Harris M I
National Diabetes Data Group, National Institute of Diabetes and Digestive and Kidney Diseases, Bethesda, Maryland, USA.
Clin Invest Med. 1995 Aug;18(4):231-9.
The diagnostic criteria of the US National Diabetes Data Group and the World Health Organization have stimulated a major increase throughout the world in epidemiologic studies on the pathogenesis of non-insulin-dependent diabetes mellitus (NIDDM). They have established that much of NIDDM is undiagnosed, that onset of NIDDM occurs at least 7 y before its diagnosis, and that significant morbidity and premature mortality occur in subjects with undiagnosed diabetes. New studies have shown that rural or traditional-living populations are experiencing a major increase in the burden of NIDDM as they move to urban or nontraditional situations, often with 5- to 10-fold increases in NIDDM prevalence. Epidemiologic studies have documented that major risk factors for NIDDM include increasing age, greater obesity, longer duration of obesity, unfavourable body fat distribution, physical inactivity, and hyperinsulinemia. All these factors interact with unknown genetic factors to produce NIDDM. Studies have shown that genes for diabetes, as yet undetermined, are a necessary cause of NIDDM. Hyperinsulinemia exists in childhood in populations at high risk for NIDDM. Stimulated by obesity, upper body obesity, and physical inactivity, insulin resistance develops, accompanied by impaired glucose tolerance. The pressure of the NIDDM risk factors continues this process of insulin resistance/hyperinsulinemia/hyperglycemia, until glucose toxicity to the beta cell results in inability to secrete sufficient insulin, resulting in decompensated fasting hyperglycemia.

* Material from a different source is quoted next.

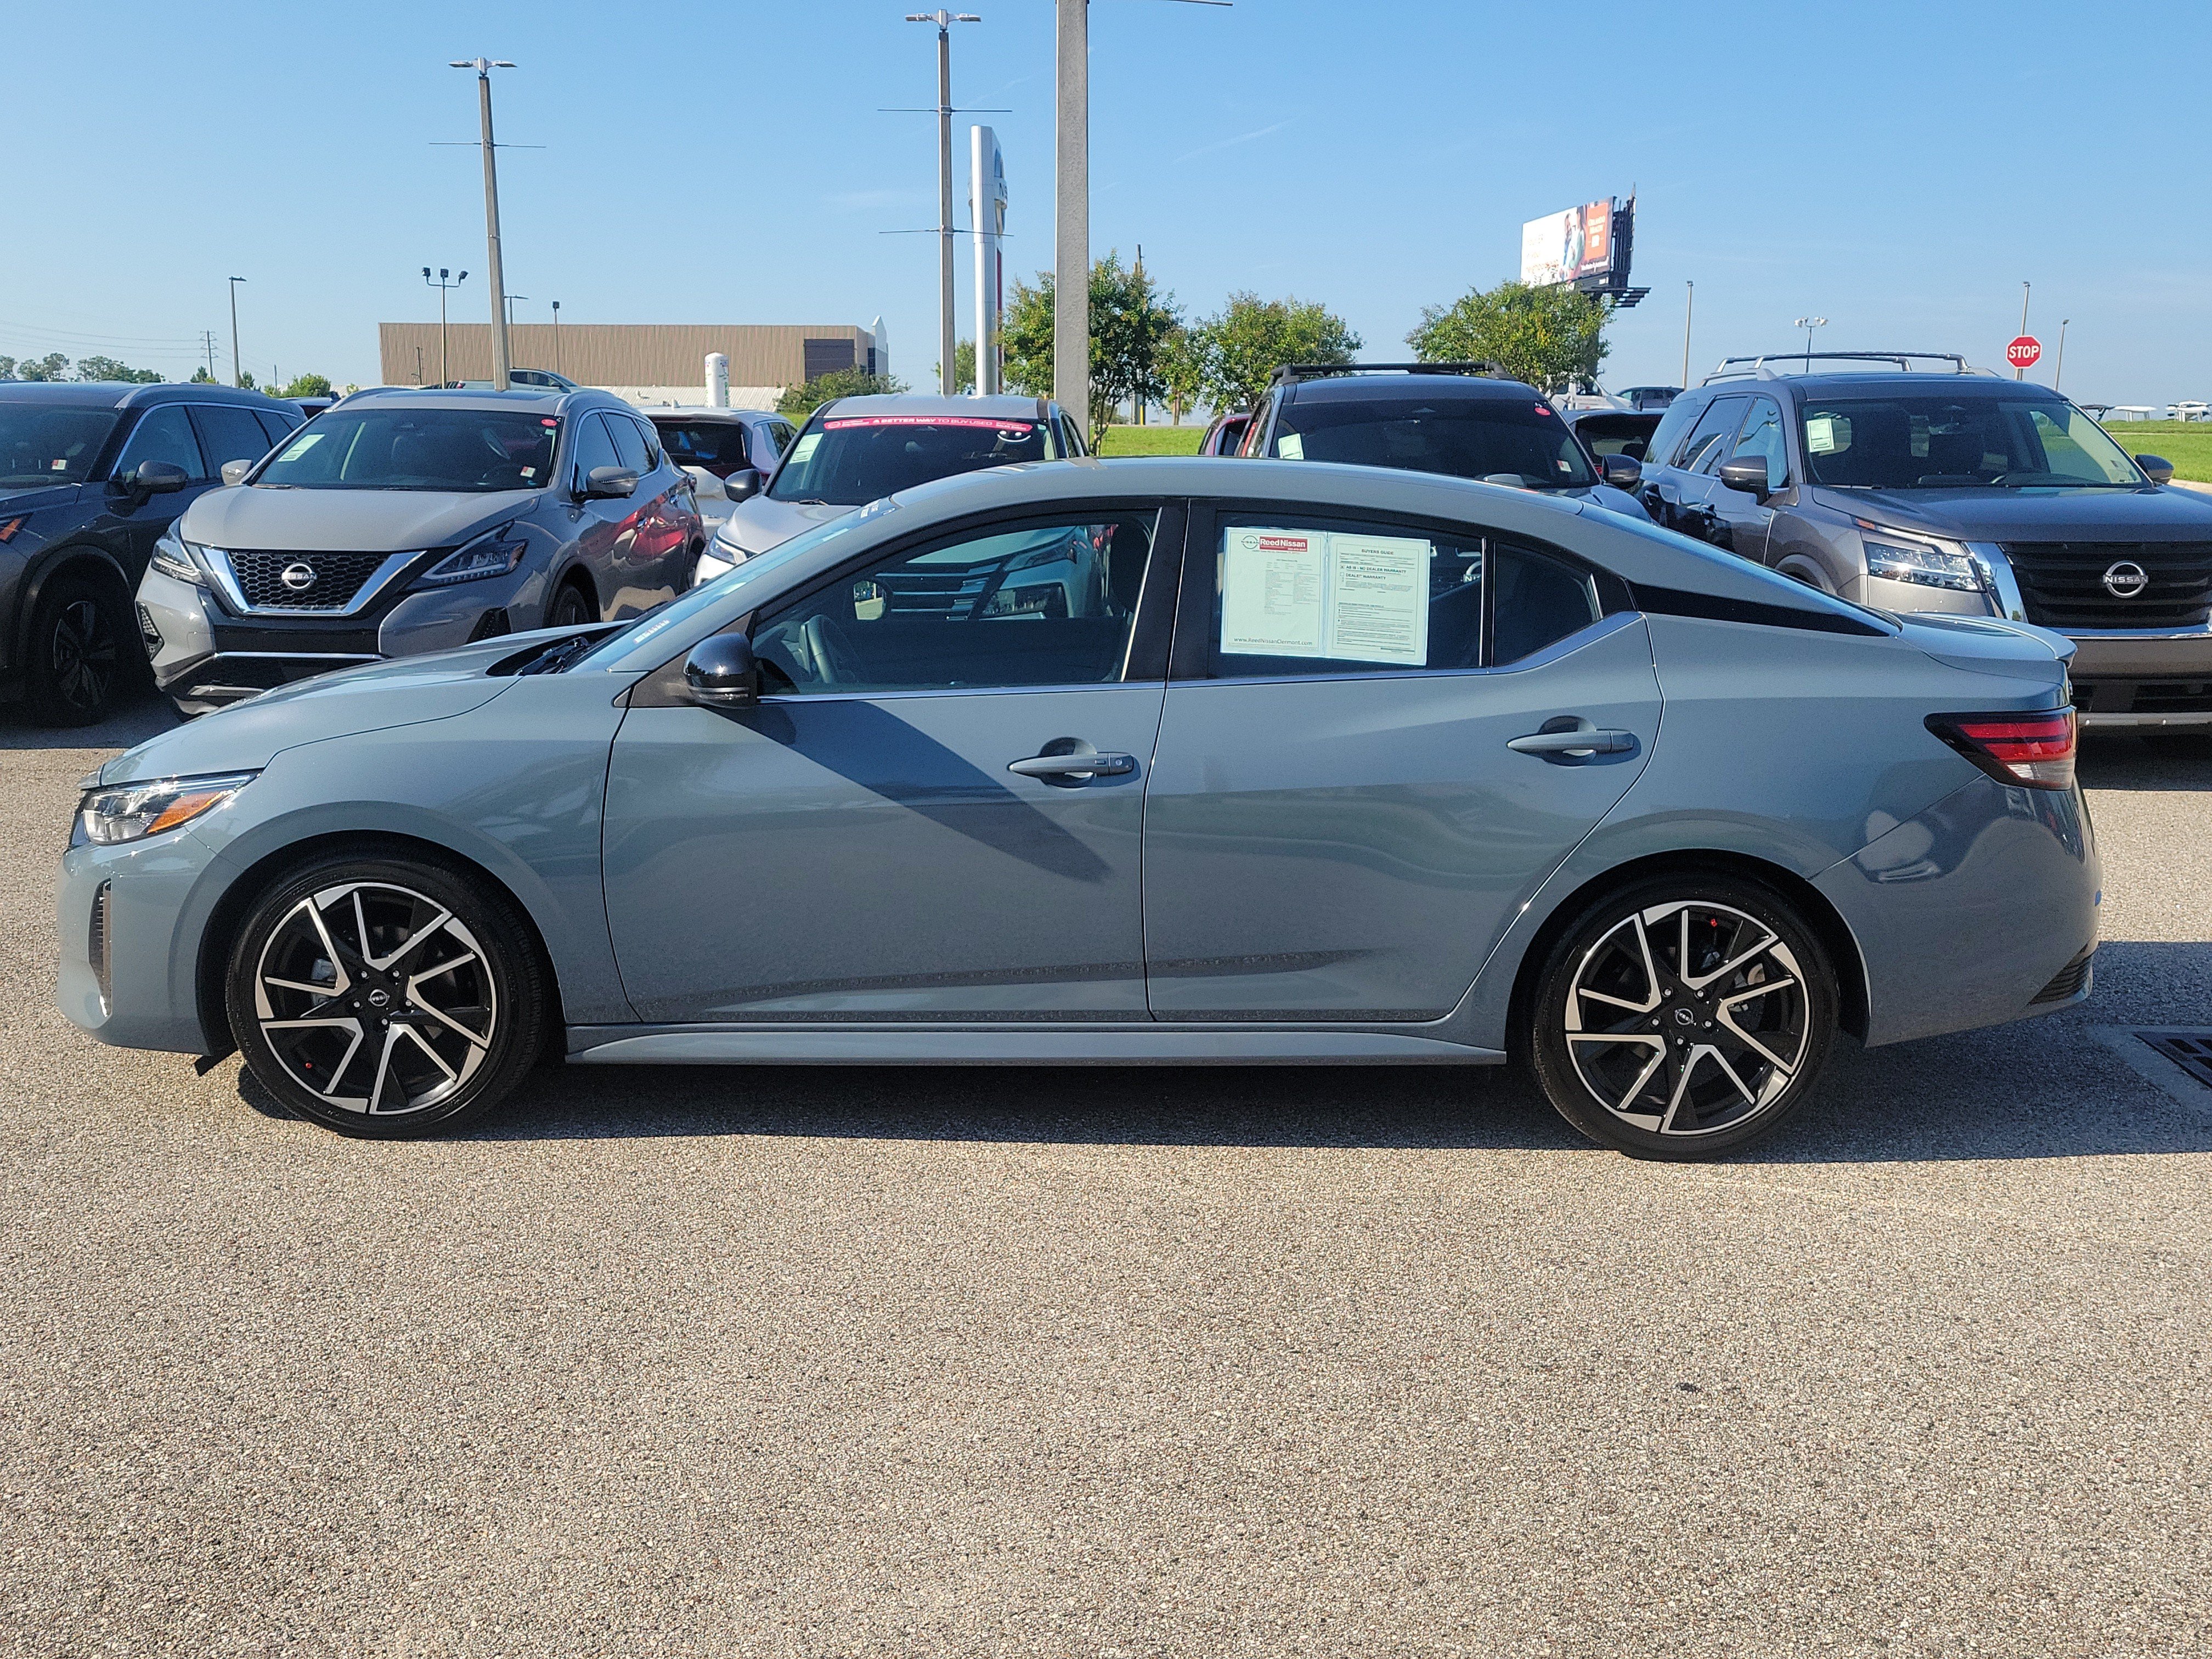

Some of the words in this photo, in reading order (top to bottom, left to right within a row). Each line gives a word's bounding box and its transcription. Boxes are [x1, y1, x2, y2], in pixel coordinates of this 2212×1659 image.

[2008, 345, 2039, 359] STOP
[1280, 539, 1305, 548] Nissan
[1234, 637, 1313, 646] www.ReedNissanClermont.com
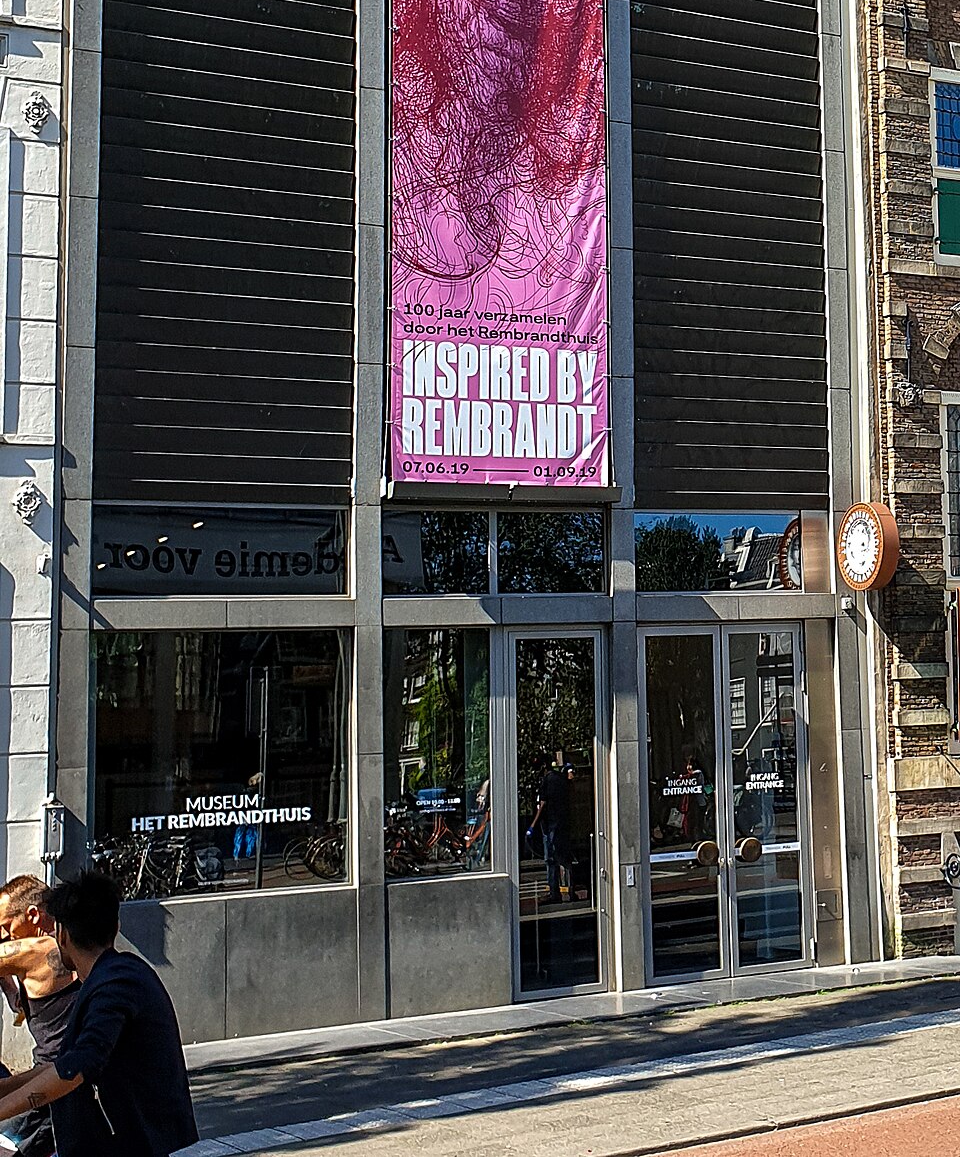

美国国家糖尿病数据组和世界卫生组织的诊断标准促使全球范围内关于非胰岛素依赖型糖尿病(NIDDM)发病机制的流行病学研究大幅增加。这些标准已明确,许多NIDDM患者未被诊断出来,NIDDM的发病至少在诊断前7年就已发生,且未被诊断出糖尿病的患者会出现显著的发病率和过早死亡率。新的研究表明,农村或传统生活人群在向城市或非传统生活环境转变过程中,NIDDM负担正大幅增加,NIDDM患病率通常会增加5至10倍。流行病学研究已证明,NIDDM的主要危险因素包括年龄增长、肥胖程度增加、肥胖持续时间延长、不良的体脂分布、身体活动不足以及高胰岛素血症。所有这些因素与未知的遗传因素相互作用导致NIDDM。研究表明,尚未确定的糖尿病相关基因是NIDDM的必要病因。在NIDDM高风险人群的儿童期就存在高胰岛素血症。在肥胖、上身肥胖和身体活动不足的刺激下,会出现胰岛素抵抗,并伴有糖耐量受损。NIDDM危险因素的作用持续推动胰岛素抵抗/高胰岛素血症/高血糖这一过程,直至葡萄糖对β细胞产生毒性,导致无法分泌足够的胰岛素,从而引发失代偿性空腹高血糖。